6 de abril de 2008

REFLEXÃO SOBRE A COMPOSIÇÃO

No começo dos exercícios da plástica, apesar de verdade me identificar com a Constancia, mesmo que apenas por dois dias na semana, de repeti-la, comecei a sentir que o exercício se introjetou no meu corpo, apesar de ainda ser guiado pelo meu racional. De fato, acho que não é pela negação, como muitos antes me disseram, ainda sinto que posso aproveitar a minha disponibilidade e velocidade mental para ACRECENTAR aos impulsos, e não bloqueá-los. Parece-me uma luta eterna, porque de uma forma geral e por consenso comum, sou sempre criticado a não utilizá-lo. Entretanto, sou obrigado a reconhecer que se é assim para todos, ou pelo menos para maioria, então é hora, mais do que hora de tentar seguir esse caminho.

Tentei, portanto, me desprender da mente analítica e deixar leve e solta à força impulsionadora de origem corporal aflorar nos exercícios.
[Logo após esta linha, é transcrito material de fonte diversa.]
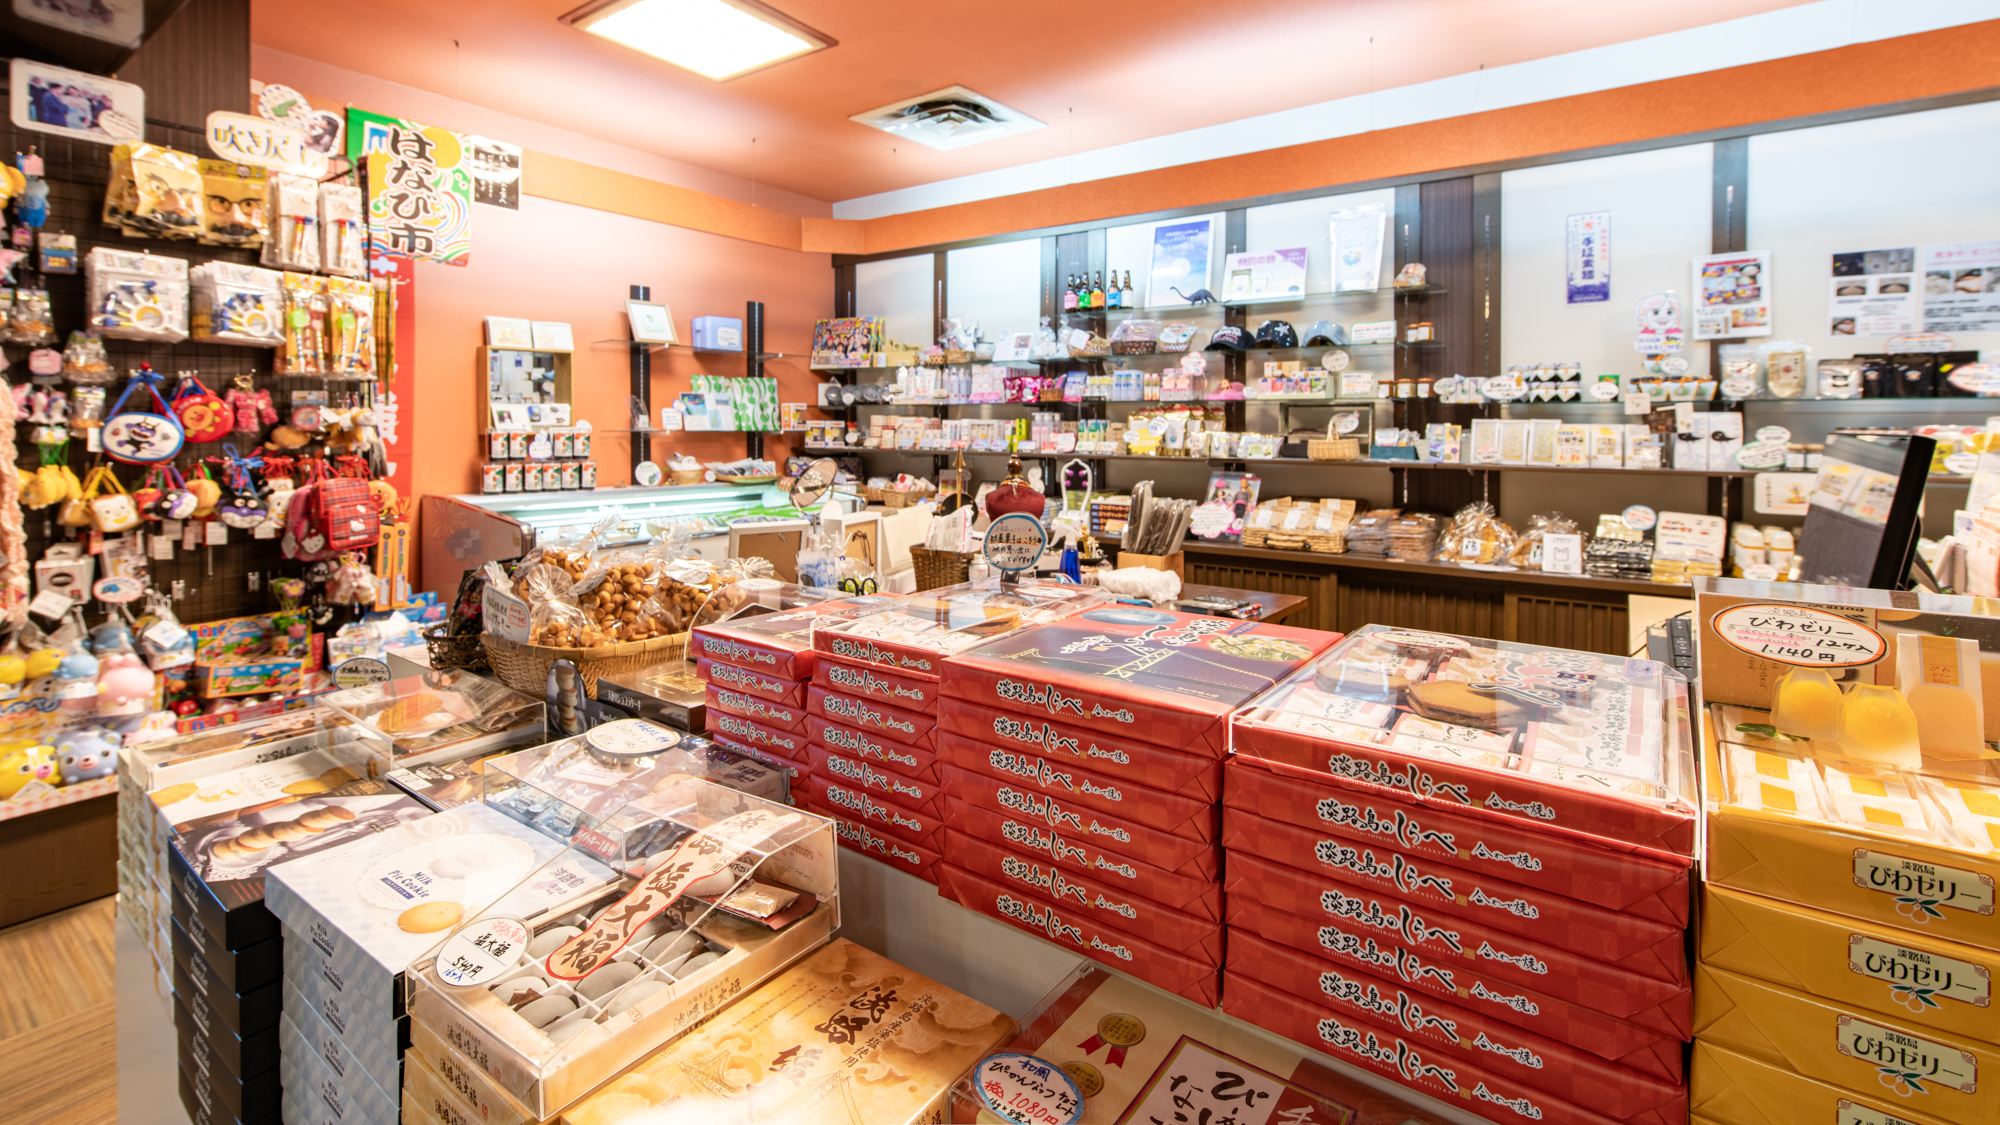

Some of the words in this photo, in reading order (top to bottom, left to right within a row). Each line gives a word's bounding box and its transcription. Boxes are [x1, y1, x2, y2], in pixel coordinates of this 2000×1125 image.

Sinto a dificuldade, minha visão estética e escolhas sempre aparecem nos meus pensamentos. Alem disso, sinto pouca conexão de um modo geral com a turma. Isso foi bastante complicado, especialmente no período de desistência e ausências dos meus colegas masculinos. Toque e contato pra mim são fundamentais no jogo, e durante alguns exercícios, senti pouco disponíveis minhas colegas. Não sei de fato se eu sou muito invasivo, mas sei que tenho intensidade e até necessidade do contato, pois por experiência sei que ele pode me levar a outros lugares. Claro, não estar aparentemente em contato é também uma forma de relação, portanto no fim dou crédito à experiência, ela de fato me colocou com esse dilema de enxergar a ausência das minhas colegas como algo pra ser trabalhado no jogo, e não negado ou forçado em outra direção. Em outros momentos, houve contato, e isso muito me satisfaz.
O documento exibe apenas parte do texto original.